Brush Off

 

I've noticed that some gadgets are more useful for things other than what they were intended. Case in point (stupid phrase, but I had to use it once to find out.) baby bottle brushes.

First, if you have a baby bottle that is so milk-encrusted that it requires a brush to get it clean, your child care license is revoked. If you can't be trusted with a baby bottle, how can you be trusted with a baby?

But I digress. I have a baby bottle brush because before Ryanne was born, I offered to take care of her until she was old enough to go to a regular day care. Like all first time mothers, Tracy was loaded down with an unbelievable variety of baby products including tiny spoons, thermometers, manicure and pedicure devices and a bulbous rubber thing that resembled an abbreviated turkey baster which I never quite figured out what its supposed was. Rumor has it that they are used in hospitals to suction mucus (note to brother who once made a query on this subject) from a congested infant's nose. Totally creepy and another reason to stay away from hospitals.

And several bottle brushes, one of which arrived in my taking care of Ryanne package. I didn't use it for years, even after Ryanne moved beyond tippy cups, but eventually I decided there were cleaning projects it could be used for.
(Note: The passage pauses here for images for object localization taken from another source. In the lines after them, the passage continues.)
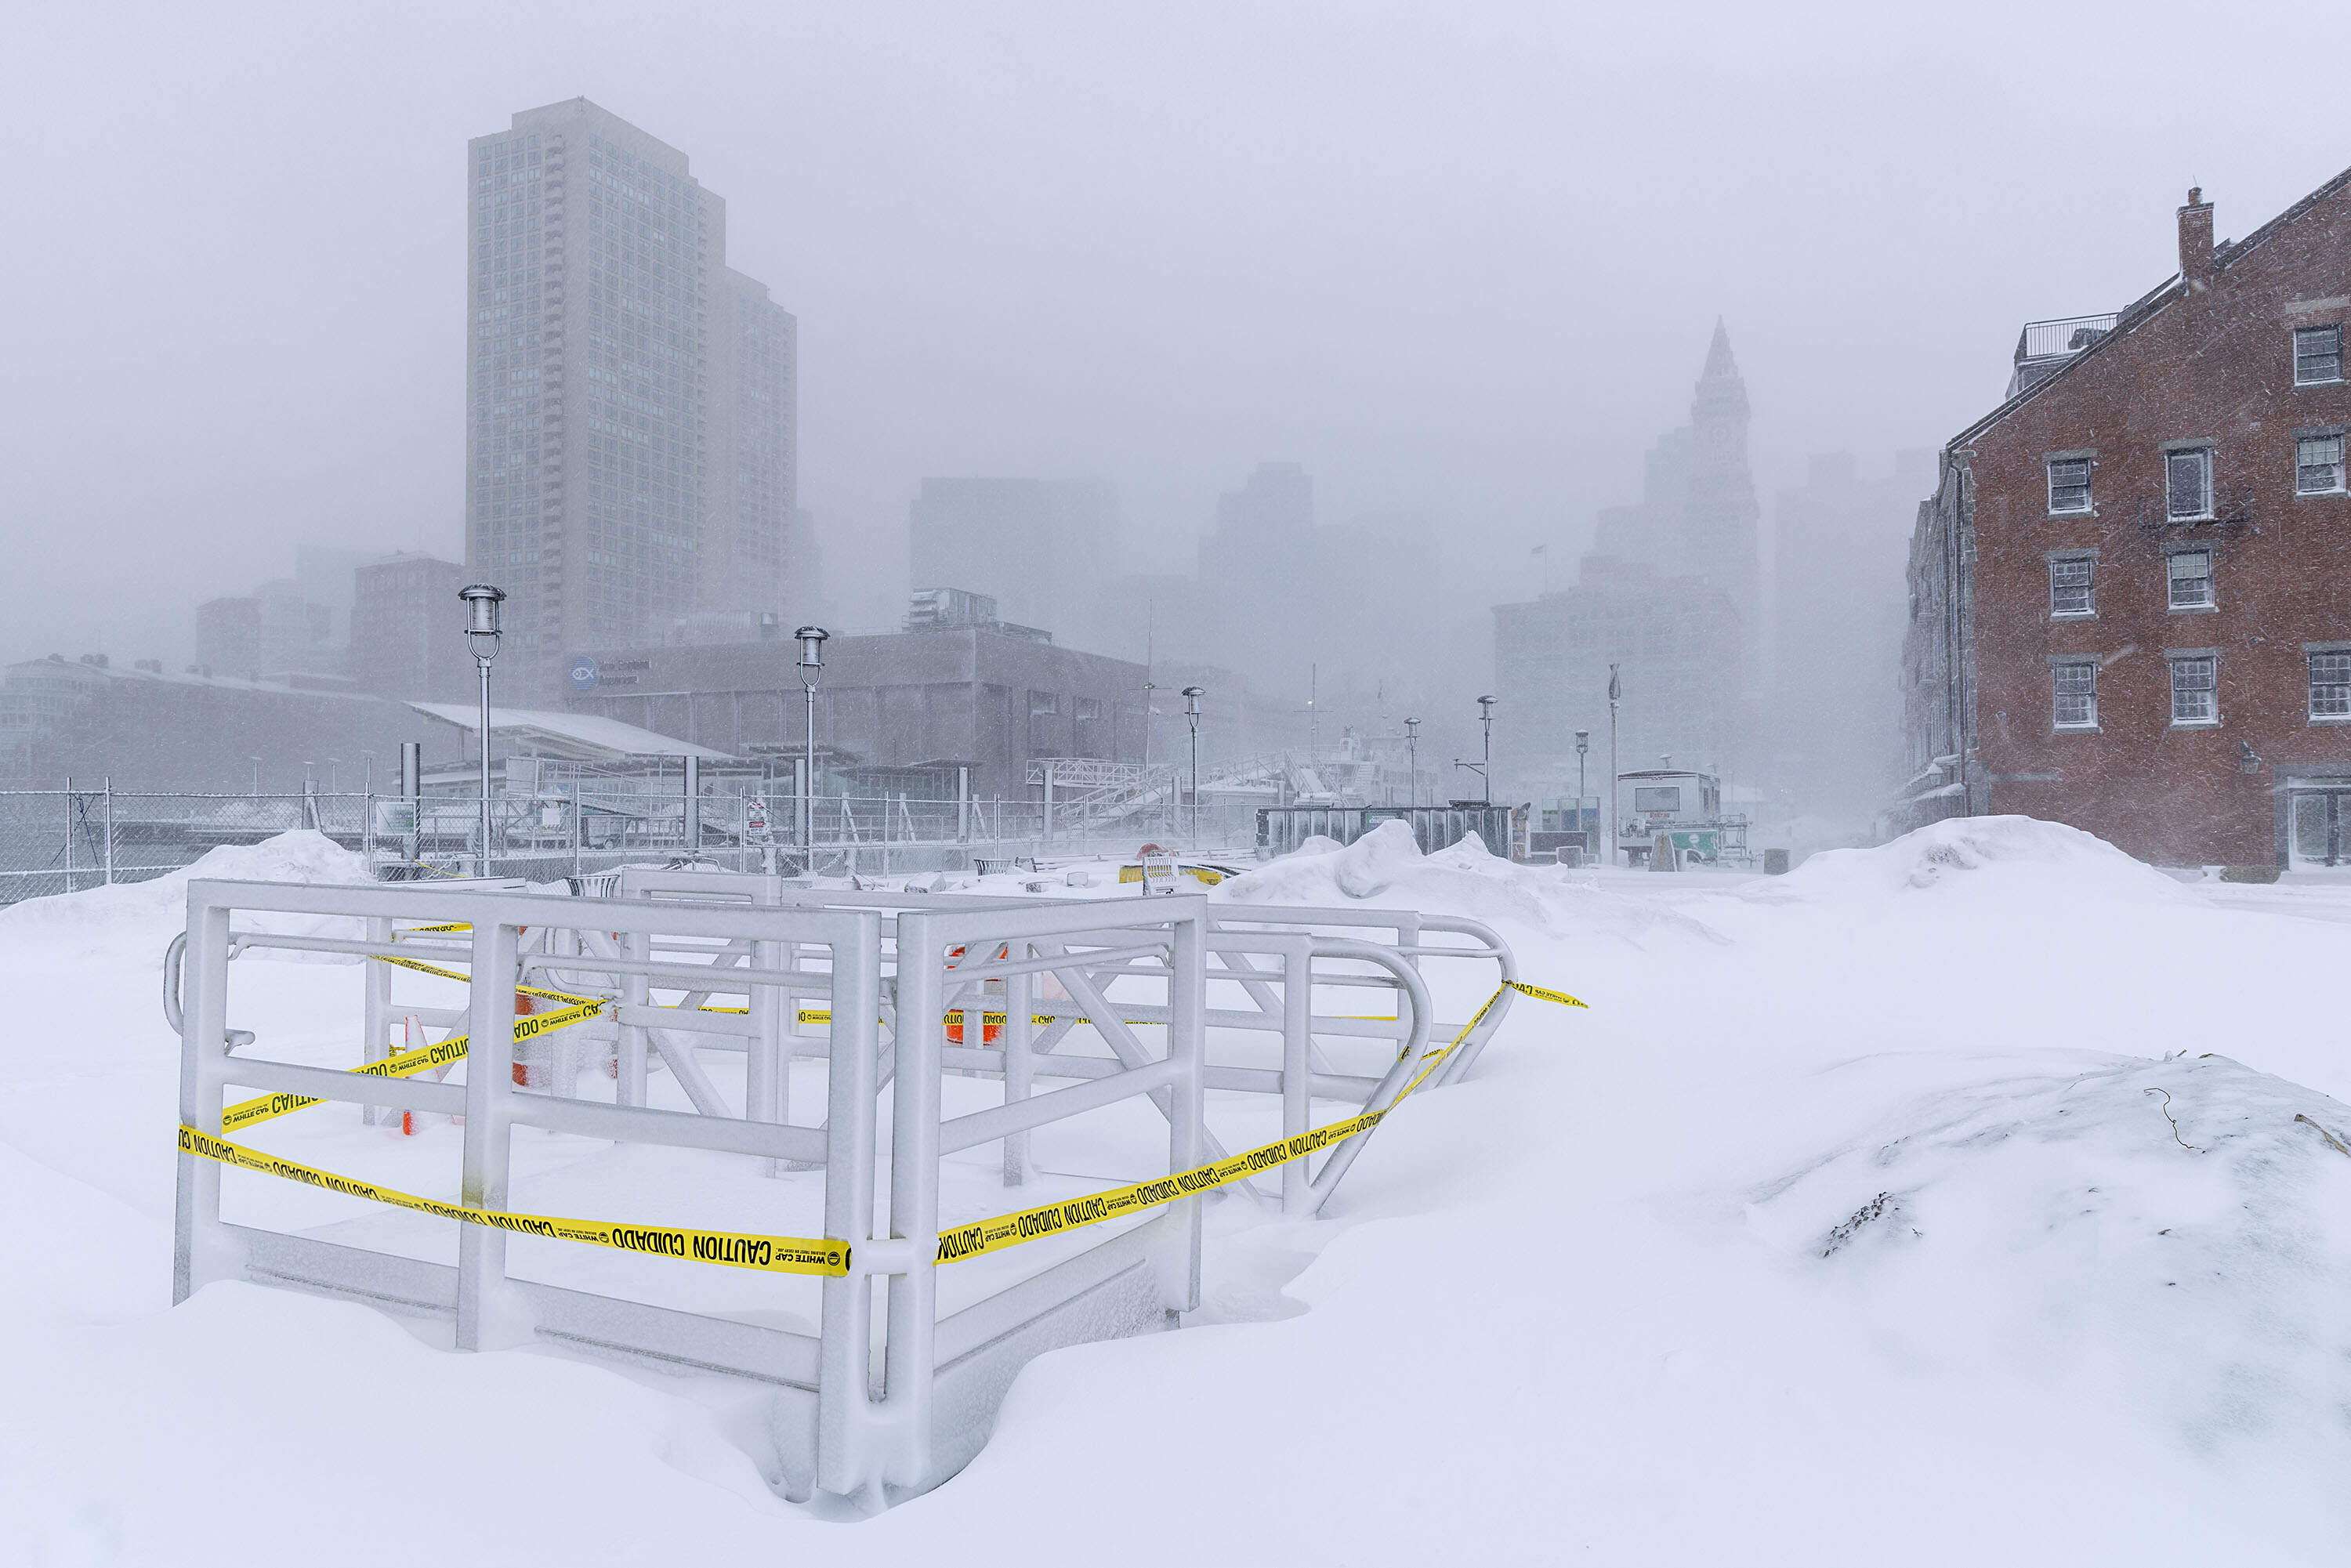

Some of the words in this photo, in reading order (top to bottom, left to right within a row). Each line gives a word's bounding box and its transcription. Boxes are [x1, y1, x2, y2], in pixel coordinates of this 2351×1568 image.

[194, 1135, 237, 1164] CAUTION
[1289, 1130, 1327, 1157] CAUTION
[1247, 1143, 1287, 1171] CUIDADO
[273, 1161, 324, 1188] CUIDADO
[1177, 1167, 1220, 1192] CAUTION
[1229, 1166, 1242, 1175] WHITE
[325, 1176, 382, 1202] CAUTION
[1136, 1179, 1180, 1204] CUIDADO
[423, 1202, 487, 1226] CUIDADO
[1063, 1197, 1107, 1226] CAUTION
[1117, 1199, 1132, 1208] WHITE
[487, 1215, 557, 1238] CAUTION
[994, 1229, 1011, 1240] WHITE
[1018, 1208, 1062, 1238] CUIDADO
[575, 1233, 599, 1242] WHITE
[612, 1228, 685, 1256] CUIDADO
[985, 1233, 994, 1242] CAP
[694, 1235, 771, 1266] CAUTION
[776, 1253, 793, 1262] CAP
[795, 1255, 825, 1264] WHITE
But mostly I was wrong. The size and shape of the brush and bristles made it totally useless for cleaning grooves and tight corners, but I never gave up on it. I just couldn't bring myself to throw something away that had never accomplished a single brush type task.

Today I discovered it's perfect purpose, but this is getting way to long for a blog, so let me just take a short cut.

Dryer lint. A tale for another blog, another day.